_Work order_
Down to the last word, output the records below, skipping any images.

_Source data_
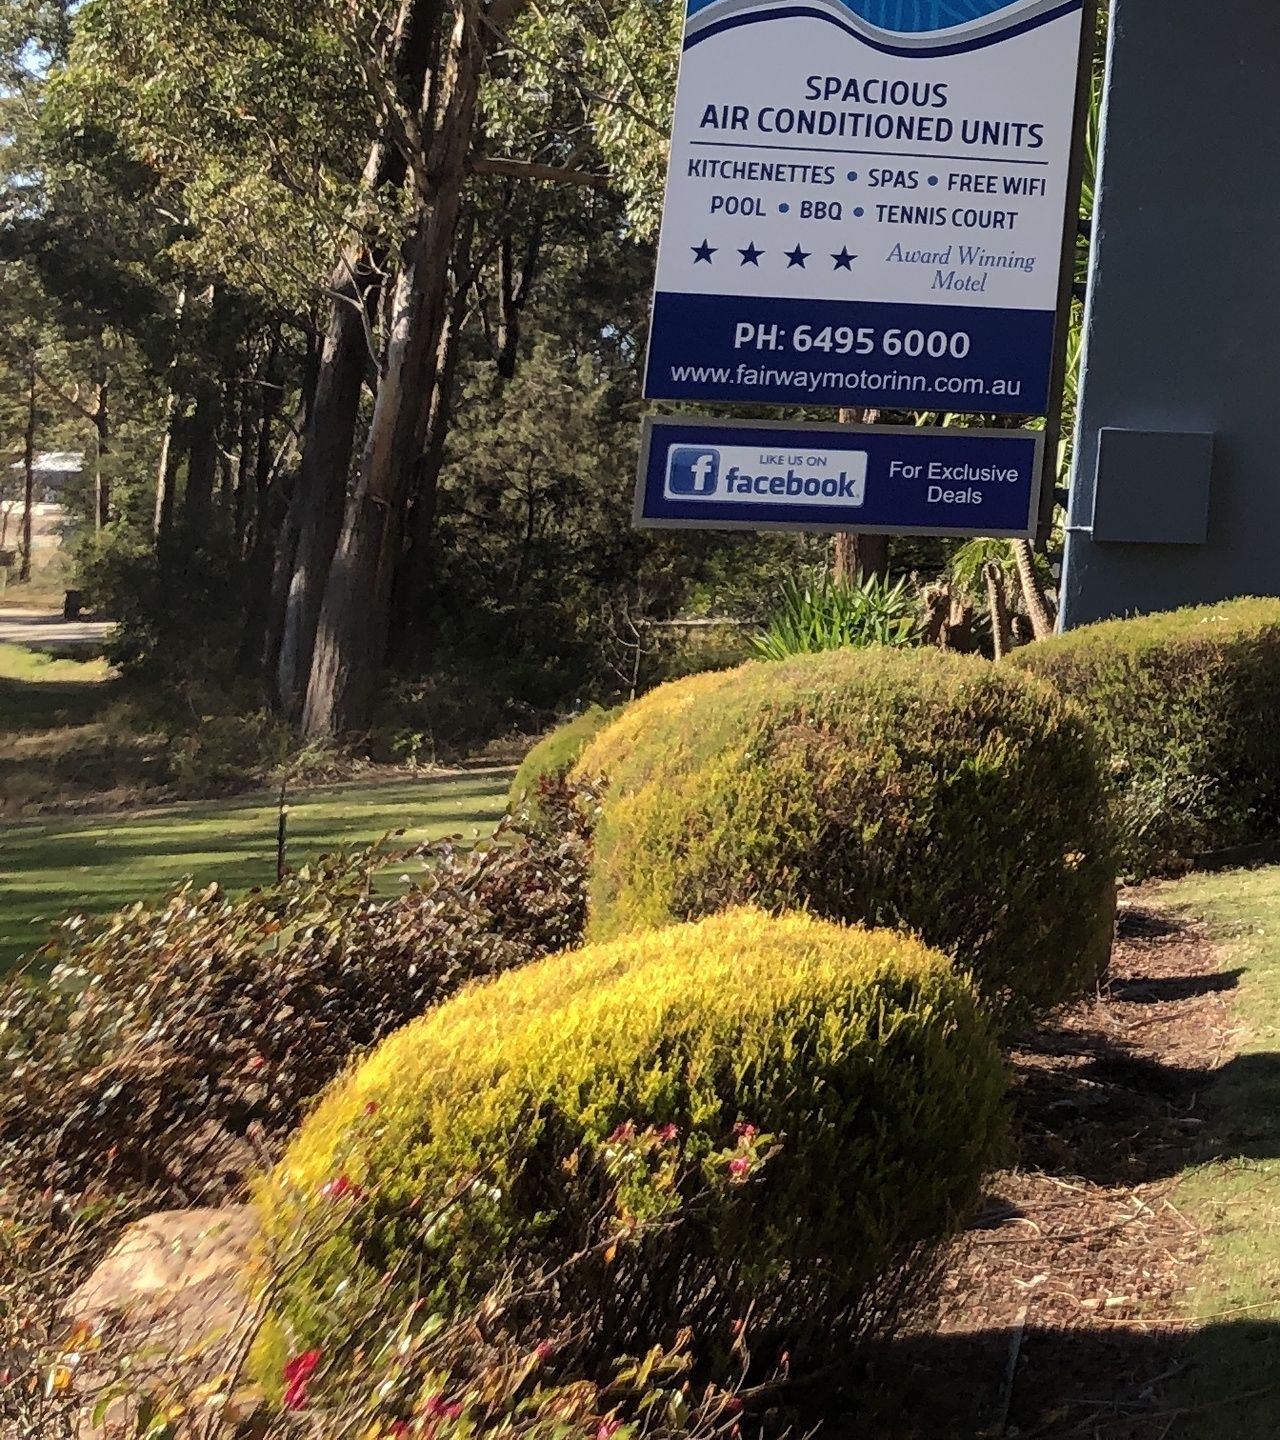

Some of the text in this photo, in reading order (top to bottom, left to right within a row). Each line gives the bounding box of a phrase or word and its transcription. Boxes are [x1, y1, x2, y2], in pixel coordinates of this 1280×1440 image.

[805, 75, 949, 108] SPACIOUS
[700, 104, 1044, 148] AIR CONDITIONED UNITS
[687, 159, 1047, 197] KITCHENETTES SPAS FREE WIFI
[710, 195, 1018, 230] POOL BBQ TENNIS COURT
[885, 243, 1036, 272] Award Winning
[930, 269, 986, 293] Motel
[734, 322, 971, 359] PH: 6495 6000
[670, 363, 1022, 397] www.fairwaymotorinn.com.au
[759, 454, 828, 467] LIKE US ON
[889, 461, 1019, 483] For Exclusive
[725, 467, 856, 498] facebook
[927, 486, 983, 505] Deals
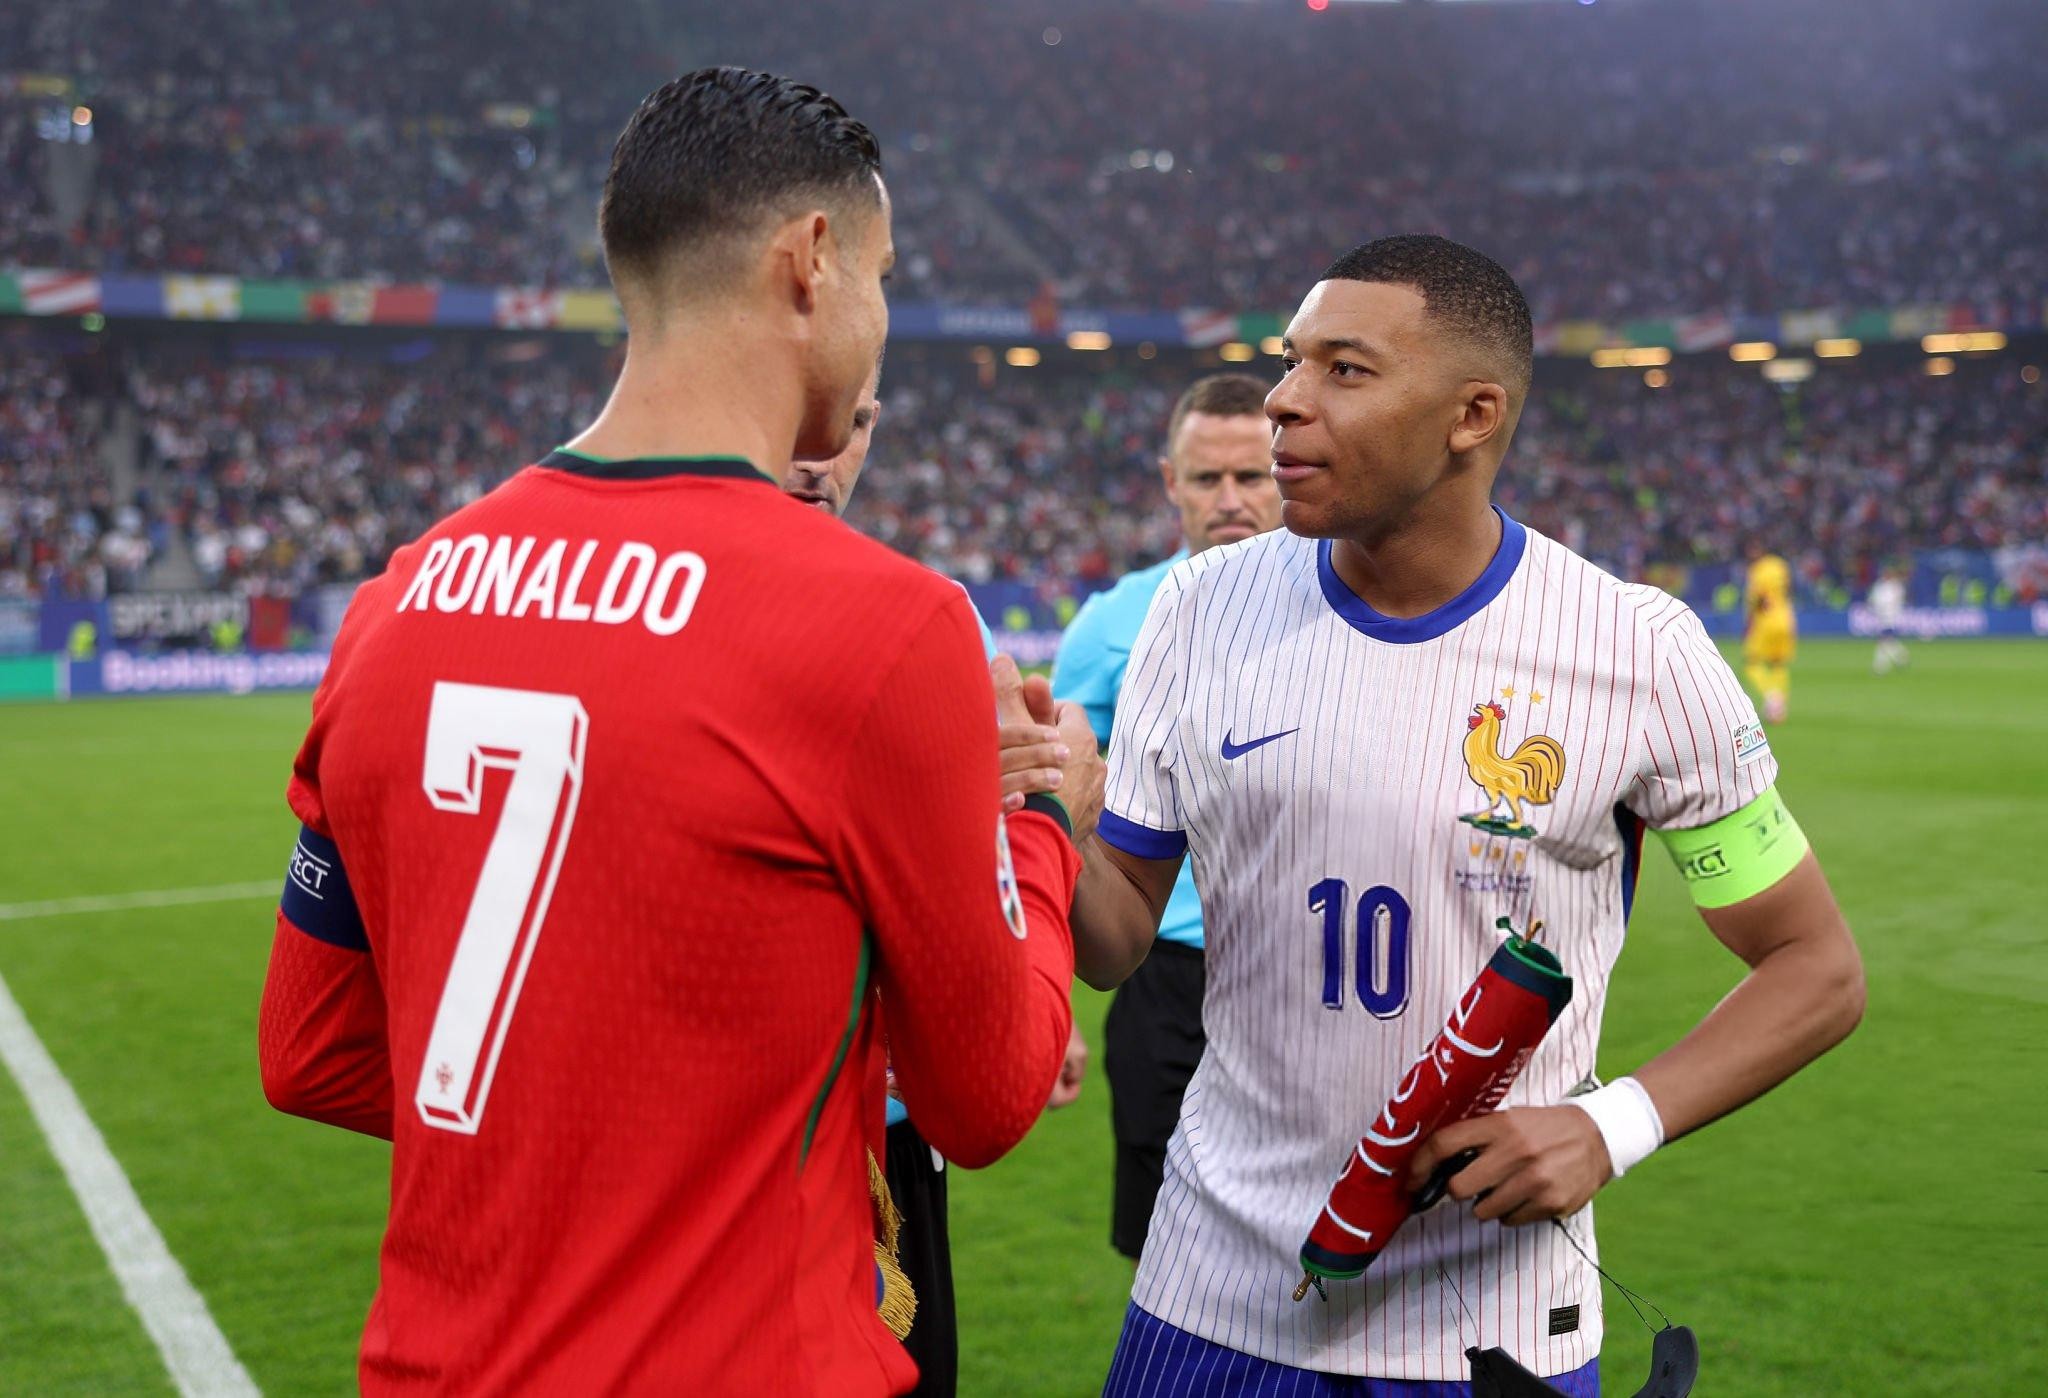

_Response box_
Some of the text in this photo, in reading order (top to bottom, left to right within a row). Each line gives the bounding box of a phrase or word and its transcription. Boxes are [x1, y1, x2, y2], in pixel coordinates of this 1280×1440 image.

[805, 75, 949, 108] SPACIOUS
[700, 104, 1044, 148] AIR CONDITIONED UNITS
[687, 159, 1047, 197] KITCHENETTES SPAS FREE WIFI
[710, 195, 1018, 230] POOL BBQ TENNIS COURT
[885, 243, 1036, 272] Award Winning
[930, 269, 986, 293] Motel
[734, 322, 971, 359] PH: 6495 6000
[670, 363, 1022, 397] www.fairwaymotorinn.com.au
[759, 454, 828, 467] LIKE US ON
[889, 461, 1019, 483] For Exclusive
[725, 467, 856, 498] facebook
[927, 486, 983, 505] Deals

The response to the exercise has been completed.